8.3. Implementation

Complete Python code is available at: LSTM_from_scrtch.py

The LSTM class is shown below:

class LSTM:
    def __init__(self, input_units, hidden_units, return_sequences=False):
        self.return_sequences = return_sequences

        self.input_units = input_units
        self.hidden_units = hidden_units

        """
        Initialize random weights and bias using Glorot
        and Orthogonal Weight Initializations.

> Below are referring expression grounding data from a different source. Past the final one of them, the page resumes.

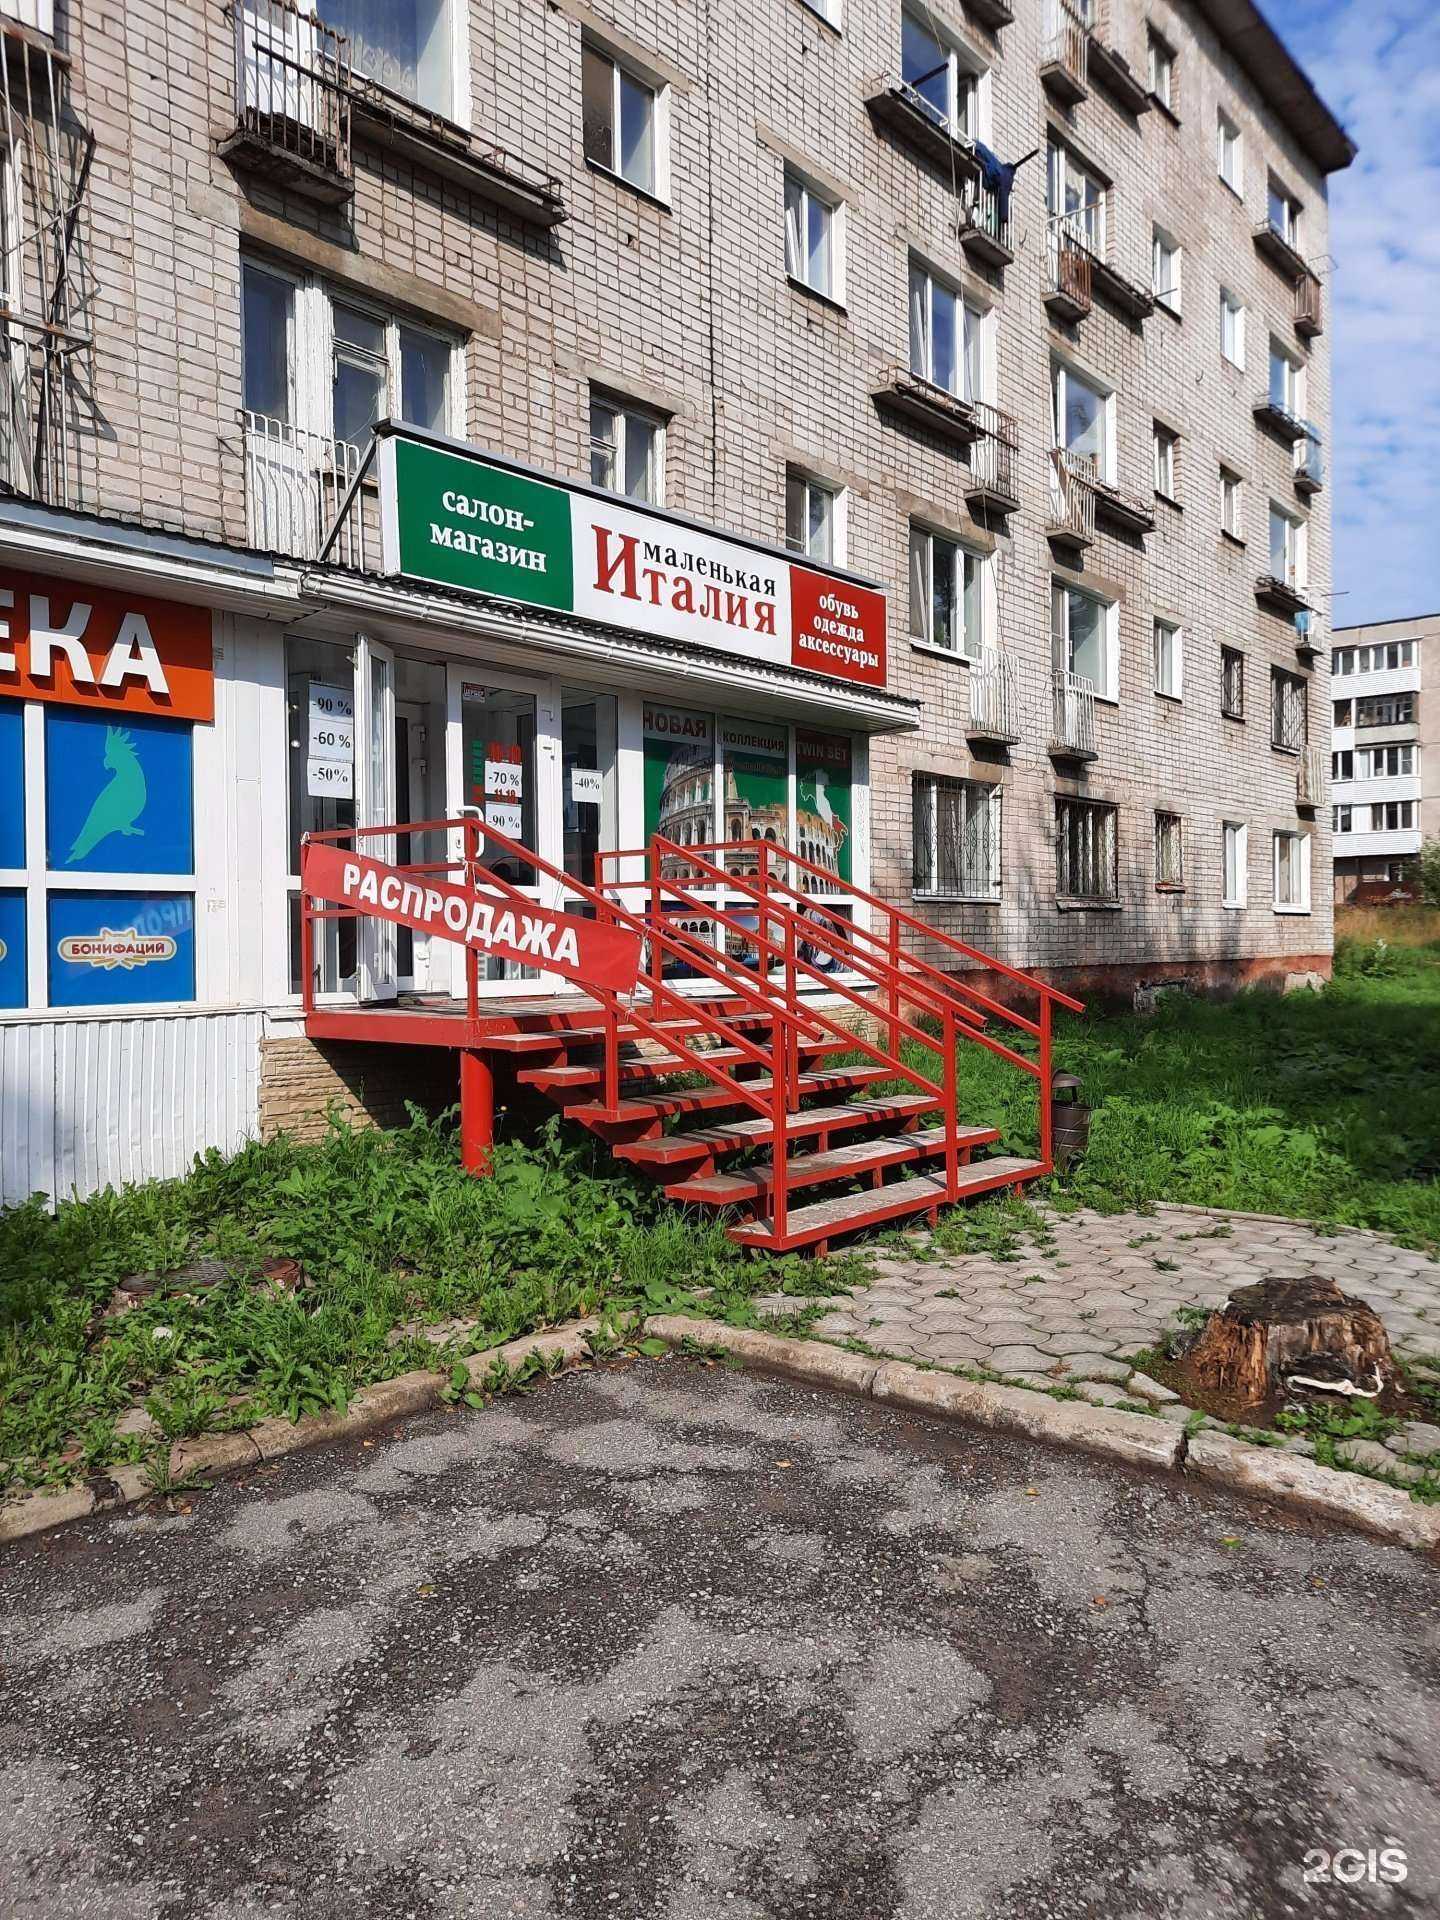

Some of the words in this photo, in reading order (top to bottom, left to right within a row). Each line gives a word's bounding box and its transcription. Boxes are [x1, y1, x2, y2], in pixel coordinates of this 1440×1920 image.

[442, 490, 535, 532] салон-
[429, 522, 547, 573] магазин
[590, 523, 777, 636] Италия
[643, 541, 776, 597] маленькая
[819, 593, 859, 619] обувь
[813, 615, 865, 643] одежда
[798, 633, 879, 669] аксессуары
[312, 697, 333, 712] -90
[337, 699, 352, 715] %
[312, 731, 335, 746] -60
[338, 734, 351, 748] %
[643, 711, 707, 739] НОВАЯ
[722, 731, 785, 752] КОЛЛЕКЦИЯ
[312, 767, 348, 783] -50%
[488, 771, 507, 785] -70
[510, 774, 520, 786] %
[574, 777, 600, 790] -40%
[488, 815, 505, 827] -90
[508, 816, 520, 829] %
[343, 863, 580, 968] РАСПРОДАЖА
[71, 942, 165, 955] БОНИФАЦИЙ

        Glorat Weight Initialization: Glorot & Bengio, AISTATS 2010
        http://jmlr.org/proceedings/papers/v9/glorot10a/glorot10a.pdf

        Orthogonal Weight Initialization: Saxe et al.,
        https://arxiv.org/pdf/1312.6120.pdf
        """
        self.Wi = np.random.randn(hidden_units, input_units) * np.sqrt(2.0 / (hidden_units + input_units))
        self.Wf = np.random.randn(hidden_units, input_units) * np.sqrt(2.0 / (hidden_units + input_units))
        self.Wc = np.random.randn(hidden_units, input_units) * np.sqrt(2.0 / (hidden_units + input_units))
        self.Wo = np.random.randn(hidden_units, input_units) * np.sqrt(2.0 / (hidden_units + input_units))

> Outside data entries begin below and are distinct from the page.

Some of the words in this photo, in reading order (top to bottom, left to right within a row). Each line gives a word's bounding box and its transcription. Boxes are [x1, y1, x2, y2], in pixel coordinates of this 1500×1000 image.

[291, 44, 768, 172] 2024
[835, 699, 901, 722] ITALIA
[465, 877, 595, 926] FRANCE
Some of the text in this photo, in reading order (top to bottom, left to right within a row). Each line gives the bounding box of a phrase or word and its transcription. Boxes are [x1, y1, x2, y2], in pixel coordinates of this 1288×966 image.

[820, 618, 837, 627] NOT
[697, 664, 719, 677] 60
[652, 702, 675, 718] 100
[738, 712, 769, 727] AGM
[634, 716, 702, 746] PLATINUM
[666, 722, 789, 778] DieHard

        self.Ui = np.random.randn(hidden_units, hidden_units) * np.sqrt(2.0 / (2 * hidden_units))
        self.Ui, _, _ = np.linalg.svd(self.Ui) # Orthogonal Weight Initialization
        self.Uf = np.random.randn(hidden_units, hidden_units) * np.sqrt(2.0 / (2 * hidden_units))
        self.Uf, _, _ = np.linalg.svd(self.Uf) # Orthogonal Weight Initialization
        self.Uc = np.random.randn(hidden_units, hidden_units) * np.sqrt(2.0 / (2 * hidden_units))
        self.Uc, _, _ = np.linalg.svd(self.Uc) # Orthogonal Weight Initialization
        self.Uo = np.random.randn(hidden_units, hidden_units) * np.sqrt(2.0 / (2 * hidden_units))
        self.Uo, _, _ = np.linalg.svd(self.Uo) # Orthogonal Weight Initialization

        self.bi = np.random.randn(hidden_units, 1) * np.sqrt(2.0 / (1 + hidden_units))
        self.bf = np.random.randn(hidden_units, 1) * np.sqrt(2.0 / (1 + hidden_units))
        self.bc = np.random.randn(hidden_units, 1) * np.sqrt(2.0 / (1 + hidden_units))
        self.bo = np.random.randn(hidden_units, 1) * np.sqrt(2.0 / (1 + hidden_units))


    def get_grads(self):
        return [self.dWi, self.dWf, self.dWc, self.dWo,
                self.dUi, self.dUf, self.dUc, self.dUo,
                self.dbi, self.dbf, self.dbc, self.dbo]

    def get_params(self):
        return [self.Wi, self.Wf, self.Wc, self.Wo,
                self.Ui, self.Uf, self.Uc, self.Uo,
                self.bi, self.bf, self.bc, self.bo]

    def forward_prop(self, x, n_sequence):
        self.x = x
        self.n_sequence = n_sequence

        self.h = np.zeros([self.n_sequence, self.hidden_units, 1])
        self.C = np.zeros([self.n_sequence, self.hidden_units, 1])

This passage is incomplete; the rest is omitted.